Your assignment » The expected output is every entry, repeated exactly.

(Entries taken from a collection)
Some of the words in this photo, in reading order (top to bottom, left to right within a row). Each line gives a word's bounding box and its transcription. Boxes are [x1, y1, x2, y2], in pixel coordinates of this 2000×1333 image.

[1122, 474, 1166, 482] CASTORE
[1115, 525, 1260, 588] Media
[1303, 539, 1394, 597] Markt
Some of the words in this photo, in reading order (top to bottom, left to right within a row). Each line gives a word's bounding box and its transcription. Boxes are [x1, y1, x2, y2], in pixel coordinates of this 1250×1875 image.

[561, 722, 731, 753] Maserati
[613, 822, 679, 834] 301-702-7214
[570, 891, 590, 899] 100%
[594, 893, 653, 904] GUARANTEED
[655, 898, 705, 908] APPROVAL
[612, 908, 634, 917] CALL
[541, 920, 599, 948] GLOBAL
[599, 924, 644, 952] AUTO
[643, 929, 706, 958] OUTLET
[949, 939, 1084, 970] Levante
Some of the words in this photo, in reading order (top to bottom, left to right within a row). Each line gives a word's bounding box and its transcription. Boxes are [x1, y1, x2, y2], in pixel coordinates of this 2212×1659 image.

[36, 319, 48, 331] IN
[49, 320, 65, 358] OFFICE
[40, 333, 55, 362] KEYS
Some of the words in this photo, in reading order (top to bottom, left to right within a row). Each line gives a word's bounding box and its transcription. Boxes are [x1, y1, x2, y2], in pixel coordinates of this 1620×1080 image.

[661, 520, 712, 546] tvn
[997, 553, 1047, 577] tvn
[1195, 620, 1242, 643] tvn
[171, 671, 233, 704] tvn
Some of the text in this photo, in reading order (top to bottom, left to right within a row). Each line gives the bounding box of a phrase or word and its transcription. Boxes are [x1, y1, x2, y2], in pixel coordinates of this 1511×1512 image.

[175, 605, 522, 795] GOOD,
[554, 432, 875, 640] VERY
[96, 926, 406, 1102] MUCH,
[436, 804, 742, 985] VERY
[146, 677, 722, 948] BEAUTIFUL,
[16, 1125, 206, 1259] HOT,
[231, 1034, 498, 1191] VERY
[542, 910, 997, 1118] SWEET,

Response area »
Some of the words in this photo, in reading order (top to bottom, left to right within a row). Each line gives a word's bounding box and its transcription. Boxes are [x1, y1, x2, y2], in pixel coordinates of this 2000×1333 image.

[1122, 474, 1166, 482] CASTORE
[1115, 525, 1260, 588] Media
[1303, 539, 1394, 597] Markt
Some of the words in this photo, in reading order (top to bottom, left to right within a row). Each line gives a word's bounding box and its transcription. Boxes are [x1, y1, x2, y2], in pixel coordinates of this 1250×1875 image.

[561, 722, 731, 753] Maserati
[613, 822, 679, 834] 301-702-7214
[570, 891, 590, 899] 100%
[594, 893, 653, 904] GUARANTEED
[655, 898, 705, 908] APPROVAL
[612, 908, 634, 917] CALL
[541, 920, 599, 948] GLOBAL
[599, 924, 644, 952] AUTO
[643, 929, 706, 958] OUTLET
[949, 939, 1084, 970] Levante
Some of the words in this photo, in reading order (top to bottom, left to right within a row). Each line gives a word's bounding box and its transcription. Boxes are [x1, y1, x2, y2], in pixel coordinates of this 2212×1659 image.

[36, 319, 48, 331] IN
[49, 320, 65, 358] OFFICE
[40, 333, 55, 362] KEYS
Some of the words in this photo, in reading order (top to bottom, left to right within a row). Each line gives a word's bounding box and its transcription. Boxes are [x1, y1, x2, y2], in pixel coordinates of this 1620×1080 image.

[661, 520, 712, 546] tvn
[997, 553, 1047, 577] tvn
[1195, 620, 1242, 643] tvn
[171, 671, 233, 704] tvn
Some of the text in this photo, in reading order (top to bottom, left to right within a row). Each line gives the bounding box of a phrase or word and its transcription. Boxes are [x1, y1, x2, y2], in pixel coordinates of this 1511×1512 image.

[175, 605, 522, 795] GOOD,
[554, 432, 875, 640] VERY
[96, 926, 406, 1102] MUCH,
[436, 804, 742, 985] VERY
[146, 677, 722, 948] BEAUTIFUL,
[16, 1125, 206, 1259] HOT,
[231, 1034, 498, 1191] VERY
[542, 910, 997, 1118] SWEET,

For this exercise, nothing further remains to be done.